For these reasons we cannot regard a system of part-time continued education between fourteen and sixteen as anything but a temporary arrangement. As a mere matter of history, it was advocated prior to 1918 more often on social and moral grounds, as a check on the exploitation of juvenile labour or as an alternative to the life of the streets, than because it was thought to possess any very great educational merits. The real function of the continuation school seems to us to be somewhat different from that usually suggested. It ought to be a continuation, not of primary, but of secondary, education, and it will find its proper place in the years between sixteen and eighteen, when the majority of boys and girls will have entered some branch of industry but ought still to be in touch with education. It is significant that certain administrators appear to prefer to part-time continuation schools the development of full-time secondary education up to fifteen or sixteen. "If an intermediate school system be established," writes the Director of Education for Darlington, "we shall have solved almost all our compulsory continued education problems."(1)

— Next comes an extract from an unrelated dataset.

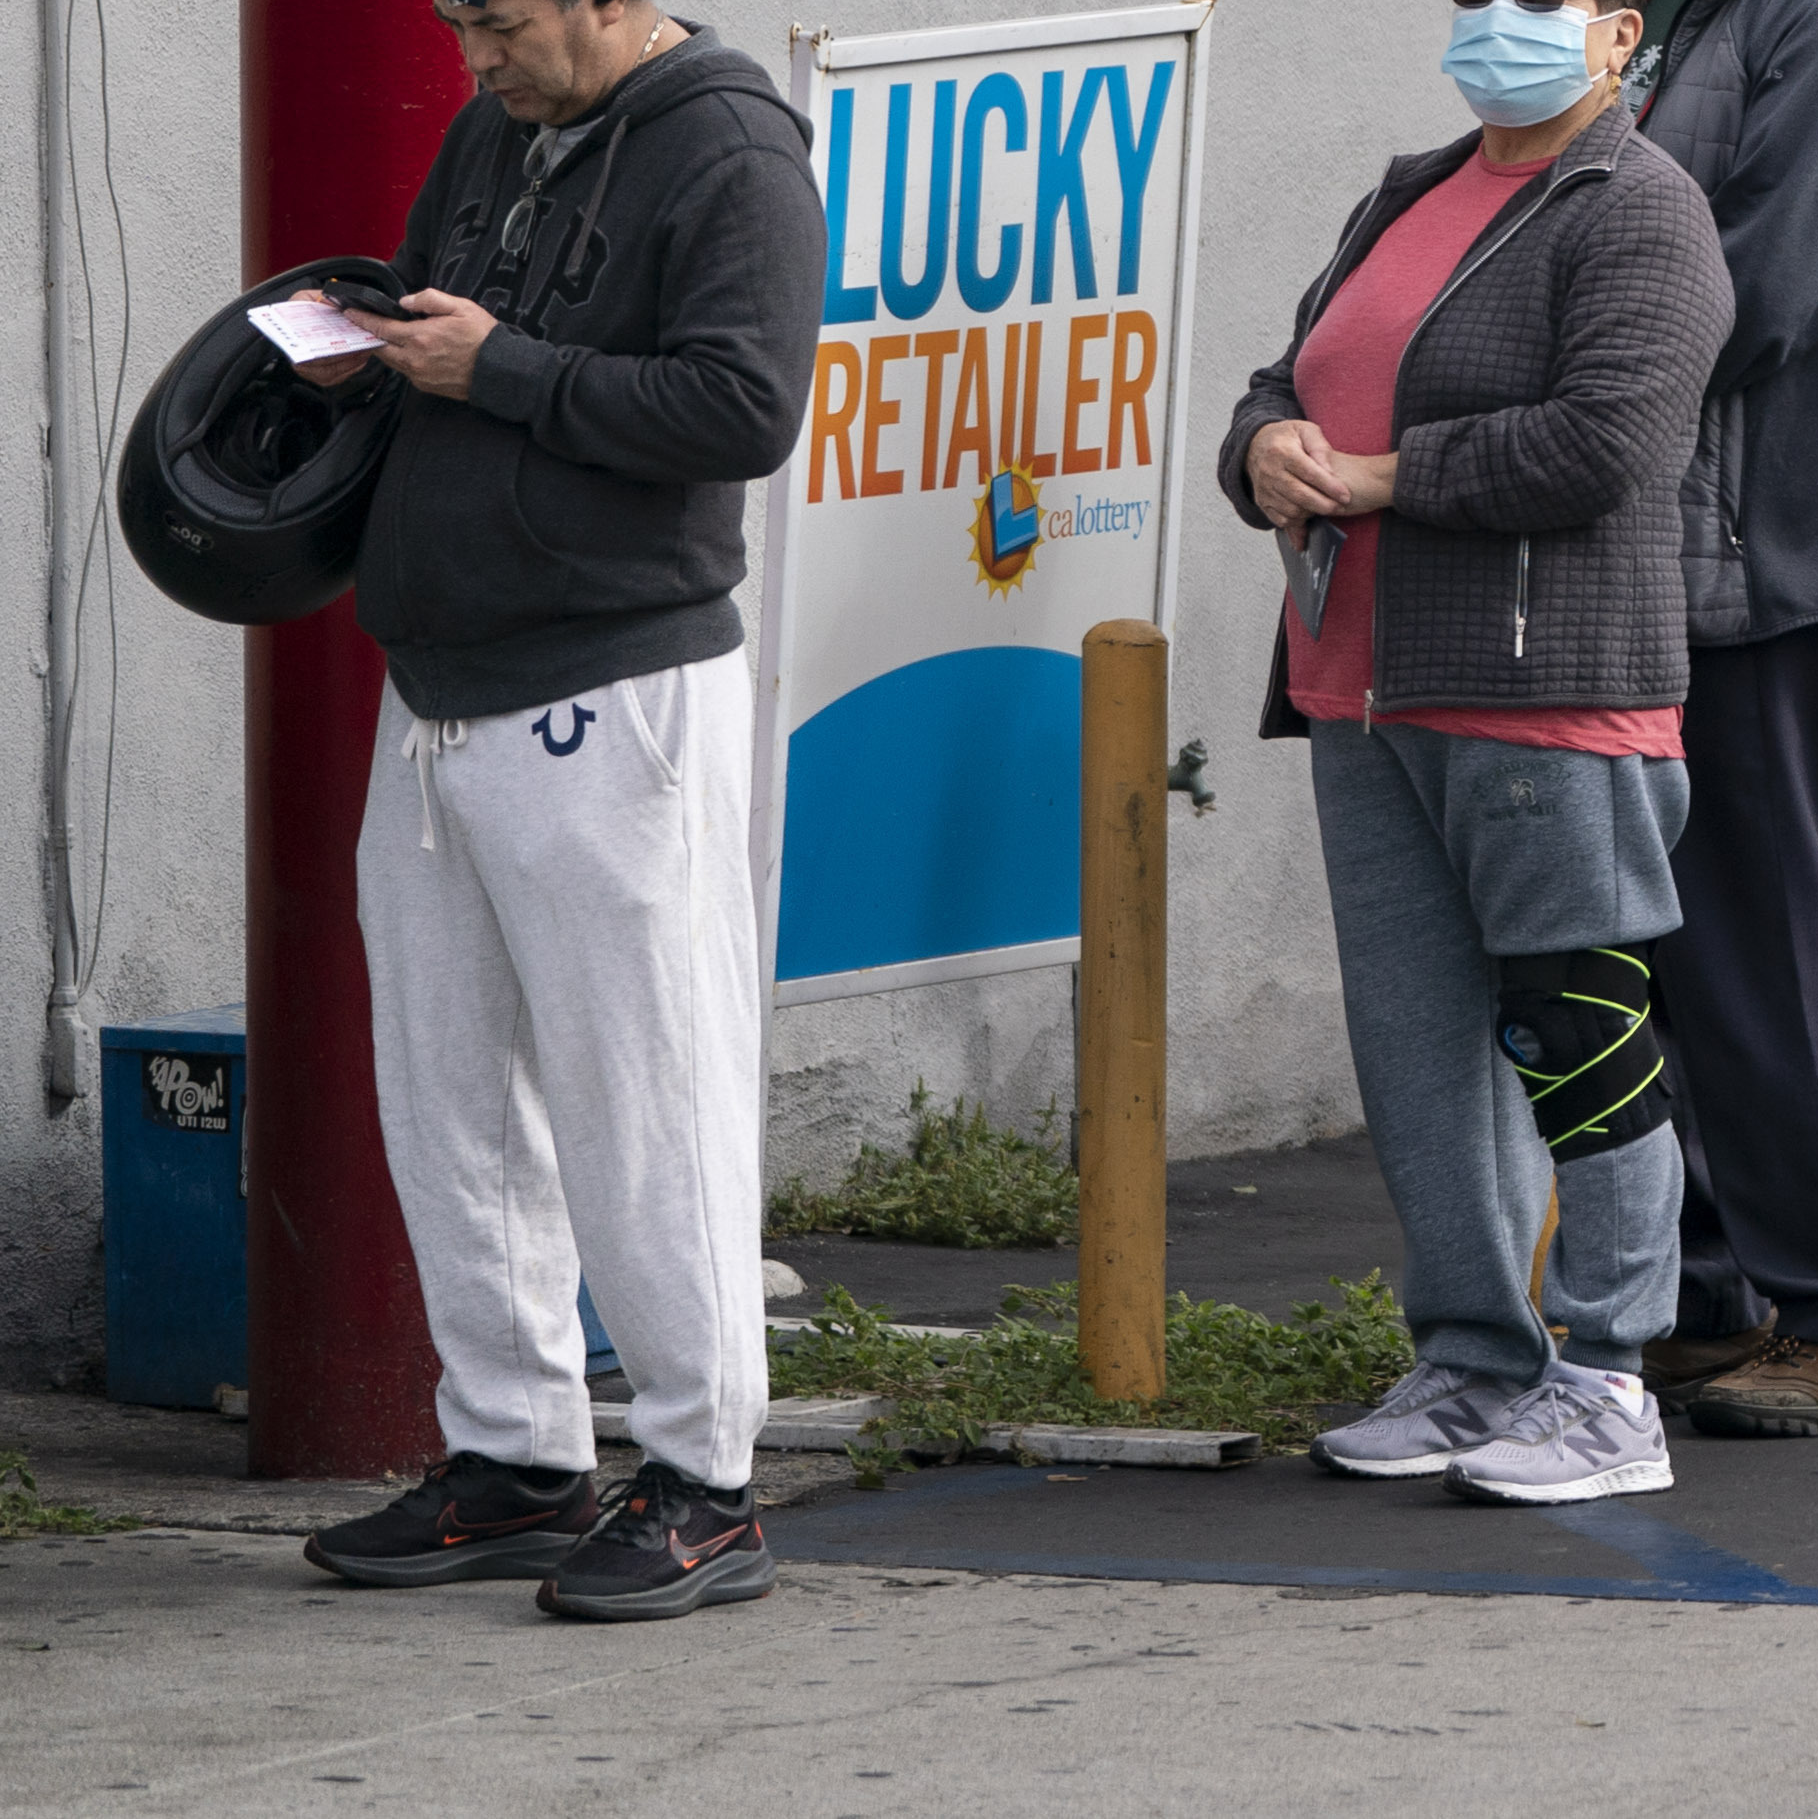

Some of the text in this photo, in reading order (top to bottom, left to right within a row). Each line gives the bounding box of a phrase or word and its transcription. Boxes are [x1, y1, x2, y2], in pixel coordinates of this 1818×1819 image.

While, therefore, the reasons given for suspending the operations of Section 10 of the Act are sufficient in themselves to make any person of moderate humanity and public spirit determined to secure its immediate application, part-time education between fourteen and sixteen must be regarded, at best, as no more than a temporary arrangement. What is to be hoped is that Local Education Authorities will concentrate their energy on developing full-time secondary education for all children up to sixteen, and that part-time education will succeed it in the years between sixteen and eighteen. At the later age, when boys and girls are physically stronger and when the foundations of specialised training have been laid by five years in a secondary school, it should be of the utmost value. But it cannot take the place of a good

(1) Memorandum on "A School Scheme" and questions arising out of the Education Act, 1918 (Darlington, May, 1919).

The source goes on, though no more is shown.